Gather the lines below that include the string "DOGMA", copying each in full.

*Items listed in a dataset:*
------------------------------------
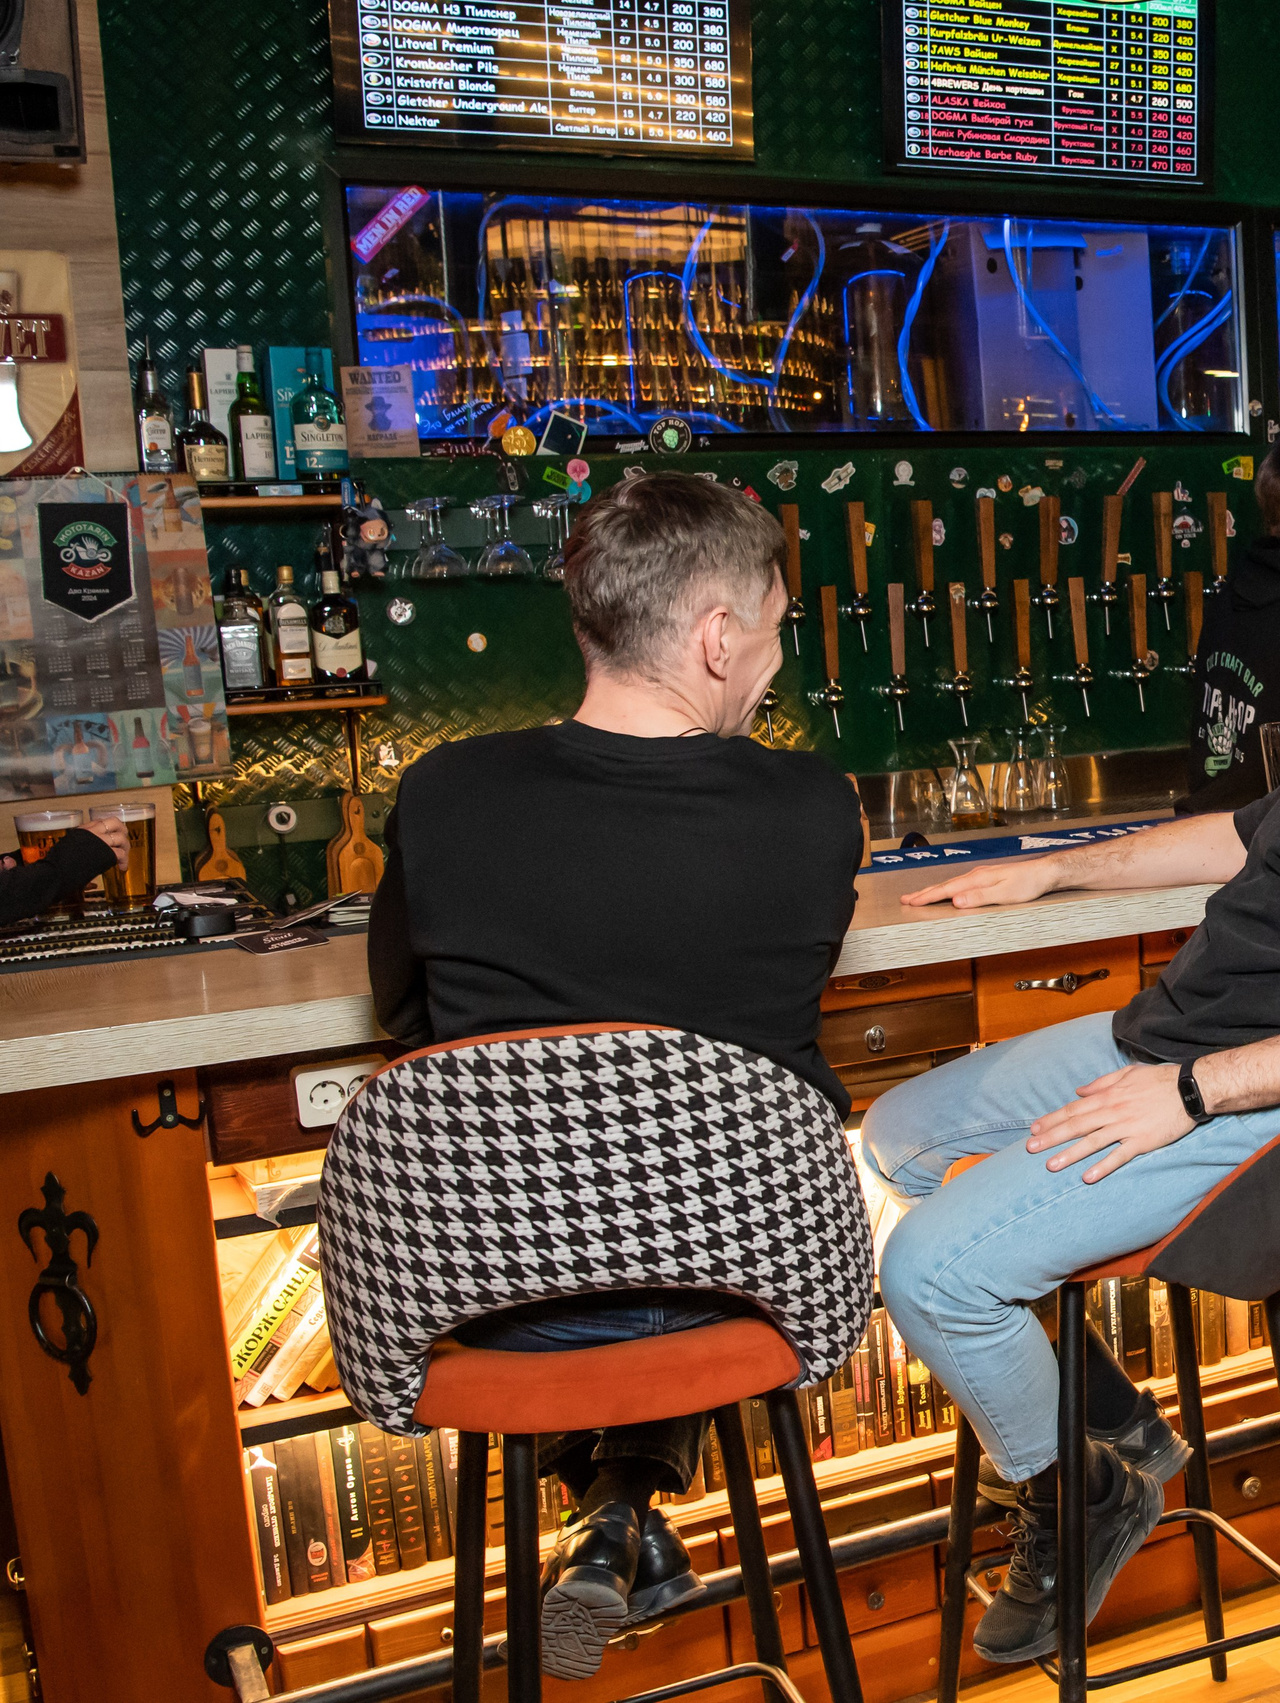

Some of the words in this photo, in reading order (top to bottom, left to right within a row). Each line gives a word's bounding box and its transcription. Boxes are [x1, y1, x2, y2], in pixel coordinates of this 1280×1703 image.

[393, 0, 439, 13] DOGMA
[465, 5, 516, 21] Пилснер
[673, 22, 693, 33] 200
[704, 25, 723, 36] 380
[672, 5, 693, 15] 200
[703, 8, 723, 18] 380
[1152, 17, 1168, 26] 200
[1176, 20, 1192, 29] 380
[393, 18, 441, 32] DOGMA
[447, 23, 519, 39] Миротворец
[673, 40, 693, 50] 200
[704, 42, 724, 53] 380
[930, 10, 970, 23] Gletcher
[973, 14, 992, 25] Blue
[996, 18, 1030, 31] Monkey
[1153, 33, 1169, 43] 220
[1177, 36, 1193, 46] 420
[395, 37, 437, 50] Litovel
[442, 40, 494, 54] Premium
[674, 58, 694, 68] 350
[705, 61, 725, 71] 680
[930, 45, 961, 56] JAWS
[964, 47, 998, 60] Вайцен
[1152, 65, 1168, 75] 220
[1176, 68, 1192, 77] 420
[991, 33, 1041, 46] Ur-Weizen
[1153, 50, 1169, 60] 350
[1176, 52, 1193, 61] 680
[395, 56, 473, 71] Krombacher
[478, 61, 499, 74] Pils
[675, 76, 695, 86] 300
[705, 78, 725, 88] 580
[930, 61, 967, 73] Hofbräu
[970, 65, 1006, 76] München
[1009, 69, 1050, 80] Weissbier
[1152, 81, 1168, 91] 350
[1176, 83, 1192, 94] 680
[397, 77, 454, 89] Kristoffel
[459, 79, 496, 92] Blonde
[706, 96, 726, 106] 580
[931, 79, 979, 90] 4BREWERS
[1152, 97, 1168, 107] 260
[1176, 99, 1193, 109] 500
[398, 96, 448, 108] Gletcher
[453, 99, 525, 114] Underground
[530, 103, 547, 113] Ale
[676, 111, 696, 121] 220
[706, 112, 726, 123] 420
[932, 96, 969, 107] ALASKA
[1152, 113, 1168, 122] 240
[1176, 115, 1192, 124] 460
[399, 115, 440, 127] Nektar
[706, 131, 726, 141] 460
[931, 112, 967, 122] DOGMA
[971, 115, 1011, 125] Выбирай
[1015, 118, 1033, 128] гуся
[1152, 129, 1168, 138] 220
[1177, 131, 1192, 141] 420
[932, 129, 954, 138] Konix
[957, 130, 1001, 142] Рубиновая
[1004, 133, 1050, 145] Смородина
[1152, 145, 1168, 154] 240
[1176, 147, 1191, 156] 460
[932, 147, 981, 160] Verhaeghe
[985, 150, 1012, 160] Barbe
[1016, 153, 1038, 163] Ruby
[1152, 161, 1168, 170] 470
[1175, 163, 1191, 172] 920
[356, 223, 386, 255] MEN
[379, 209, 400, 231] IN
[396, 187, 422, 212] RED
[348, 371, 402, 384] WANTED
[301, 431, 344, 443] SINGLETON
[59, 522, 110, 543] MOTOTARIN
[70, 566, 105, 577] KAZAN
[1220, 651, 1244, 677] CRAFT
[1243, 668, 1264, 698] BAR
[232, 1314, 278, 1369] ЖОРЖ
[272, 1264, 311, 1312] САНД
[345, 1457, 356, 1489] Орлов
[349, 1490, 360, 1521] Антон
------------------------------------
*The answer:*
[393, 0, 439, 13] DOGMA
[393, 18, 441, 32] DOGMA
[931, 112, 967, 122] DOGMA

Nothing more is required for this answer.